Right now, an urgent need exists in our city for healthy, gospel-centred churches in working class communities. These areas are often overlooked and under-reached by traditional evangelical missions. At Foundation, we have recently moved from a middle class setting to a permanent building in an inner city working class estate called Clarawood. As we work towards our launch Sunday early September 2023, we’re eager to establish a worshipping, missional, Christ-centred community where none currently exists.
Right now, an urgent need exists in our city for healthy, gospel-centred churches in working class communities.
There are many such estates across the city that are in the grip of a gospel famine, especially in nationalist, republican, and Catholic-majority areas [1]. With church attendance in decline, church buildings will become increasingly vacant. As sad as this is, we are hungry for a fresh movement of the Holy Spirit into this context. We have long been praying at Foundation Church: Give us empty buildings and we’ll fill them with people. By God’s grace we shall be used to bring gospel renewal in a dry land, by seeing dead and dying churches come alive across the city.
We have long been praying at Foundation Church: Give us empty buildings and we’ll fill them with people.

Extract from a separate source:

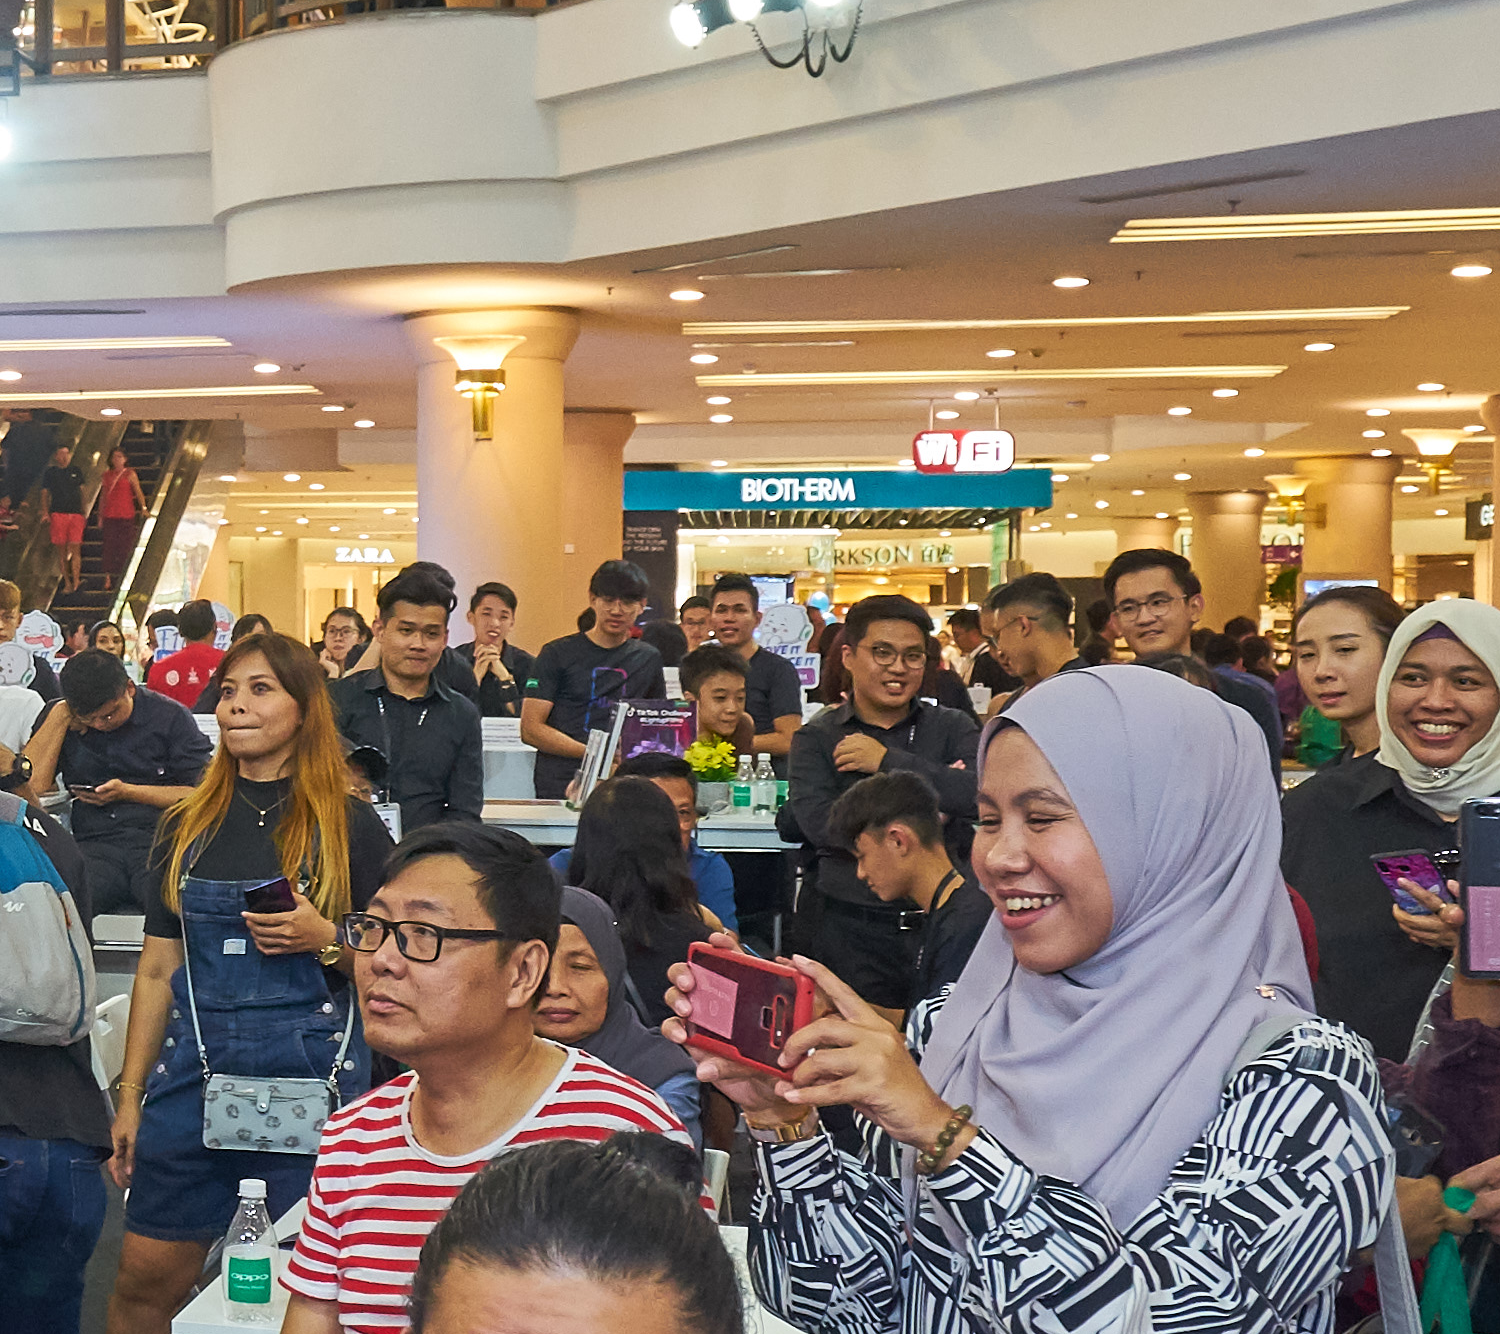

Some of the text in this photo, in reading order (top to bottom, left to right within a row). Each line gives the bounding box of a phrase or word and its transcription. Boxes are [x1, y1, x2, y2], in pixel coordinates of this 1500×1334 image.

[740, 477, 856, 503] BIOTHERM
[335, 547, 395, 563] ZARA
[804, 545, 910, 567] PARKSON
[230, 1272, 269, 1282] oppo

Furthermore, we believe that a strong Church in the North must be good news for the South [2]. For various historical, religious and political reasons, the Republic of Ireland has never experienced the same historic level of gospel impact as the North. The Republic is infamously regarded as the least evangelised English-speaking nation in the world .

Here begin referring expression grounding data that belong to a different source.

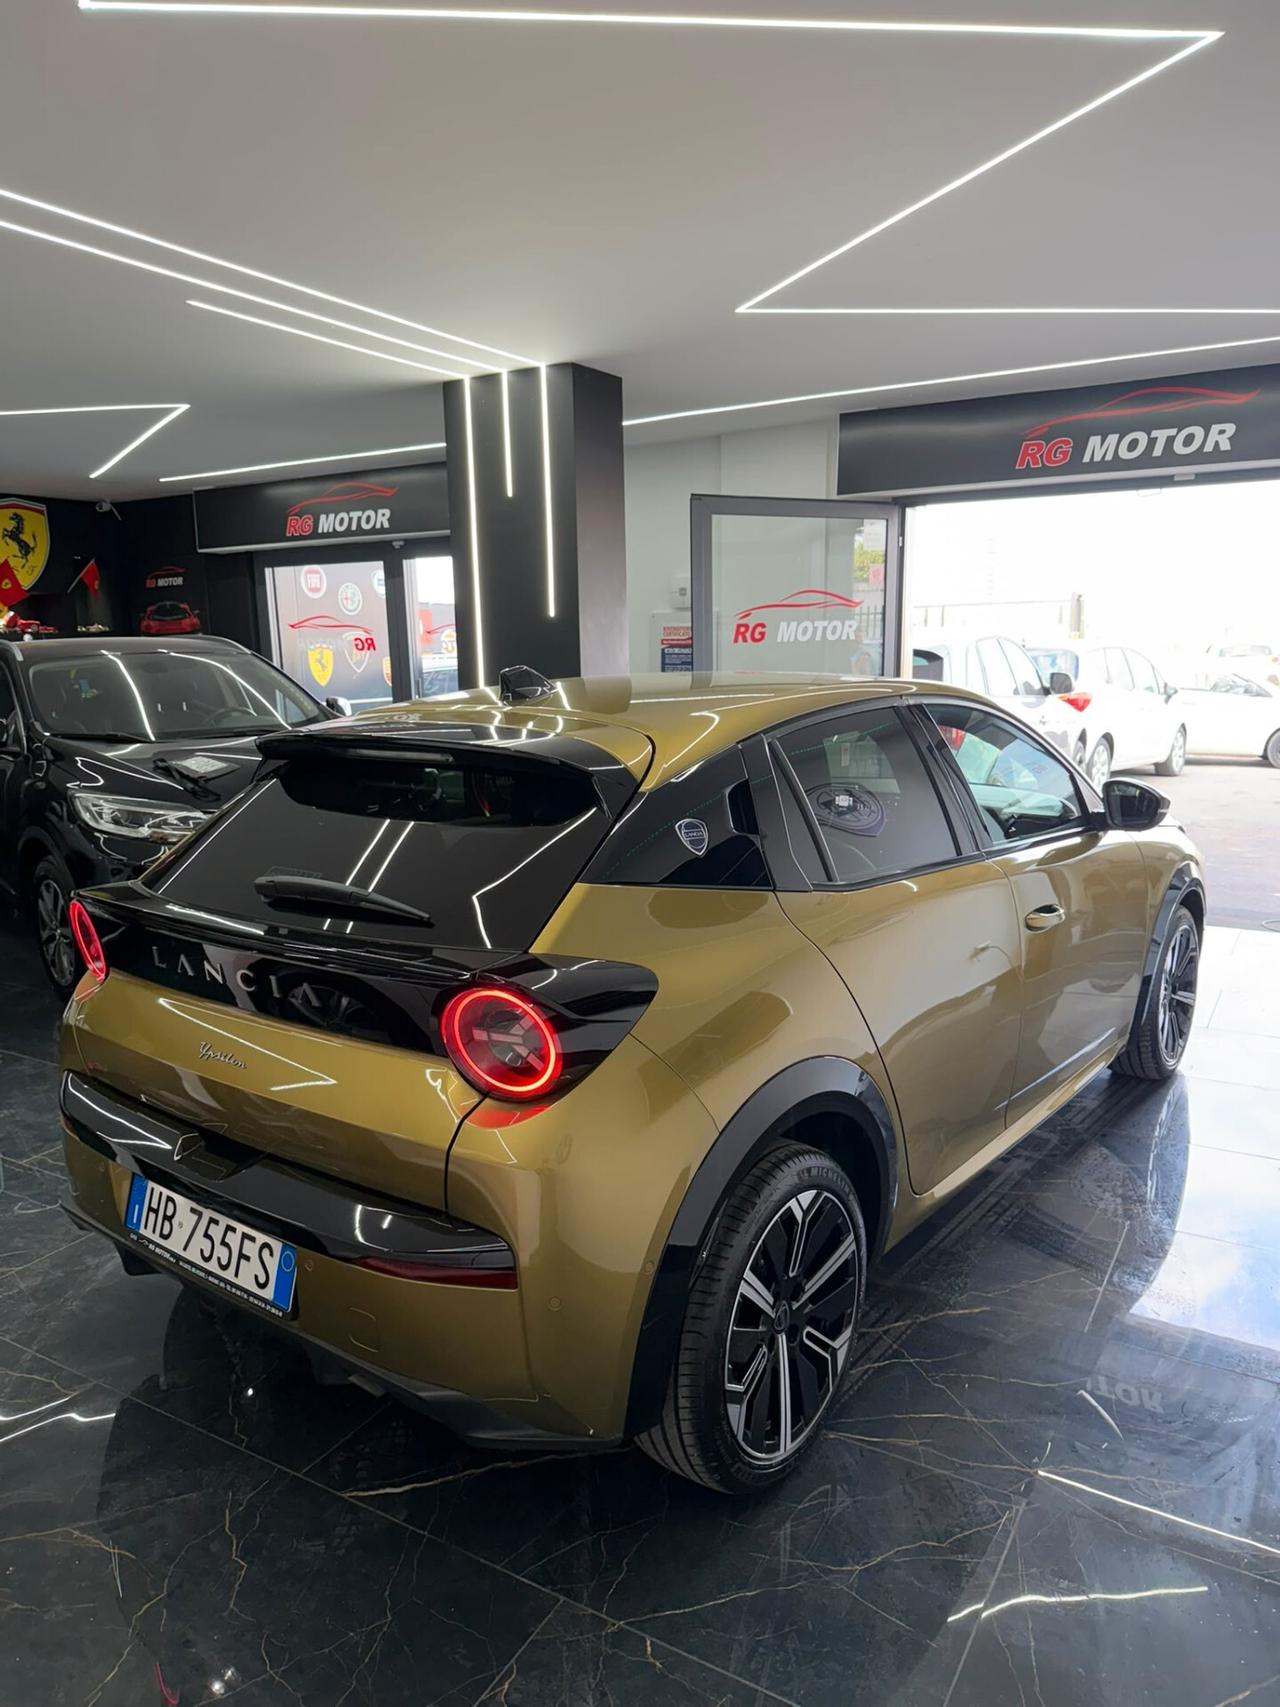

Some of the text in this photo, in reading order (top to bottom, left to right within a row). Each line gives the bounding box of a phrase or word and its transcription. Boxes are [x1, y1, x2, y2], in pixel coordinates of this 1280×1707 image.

[1015, 422, 1237, 469] RG MOTOR
[286, 508, 391, 537] RG MOTOR
[157, 576, 184, 587] MOTOR
[733, 620, 858, 644] RG MOTOR
[152, 946, 321, 1008] LANCIA
[199, 1041, 248, 1070] Ypsilon
[144, 1186, 274, 1290] HB 755FS

At Foundation Church we are also establishing links with like-minded churches across Ireland so we can link arms to plant and strengthen churches together. This includes launching the brand new Union MTh learning community starting September 2023 hosted by Foundation Church Belfast. This will support the growth of many gospel-centred leaders who can be sent out on mission across the island of Ireland.
Our vision as a partnership is to plant 32 churches across Ireland in the next 30 years. Why 32? This is the number of counties in Ireland. We are believing for one church in each county. With God, all things are possible.
Teacht Spiorad Naomh! Come Holy Spirit!
We are believing for one church in each county. With God, all things are possible.
Please give to Union Mission to enable us to walk alongside more church planters like David.
[1] Nationalism, Republicanism and Catholicism are all distinct concepts but there is notable overlap.
[2] For readers from a non-UK or Irish background: Northern Ireland (‘the North’) is part of the United Kingdom and is known as ‘Ulster’ or ‘the North of Ireland’ (depending on who you ask). The Republic of Ireland is a separate country (‘the South’) and yet North and South are separated by an invisible border.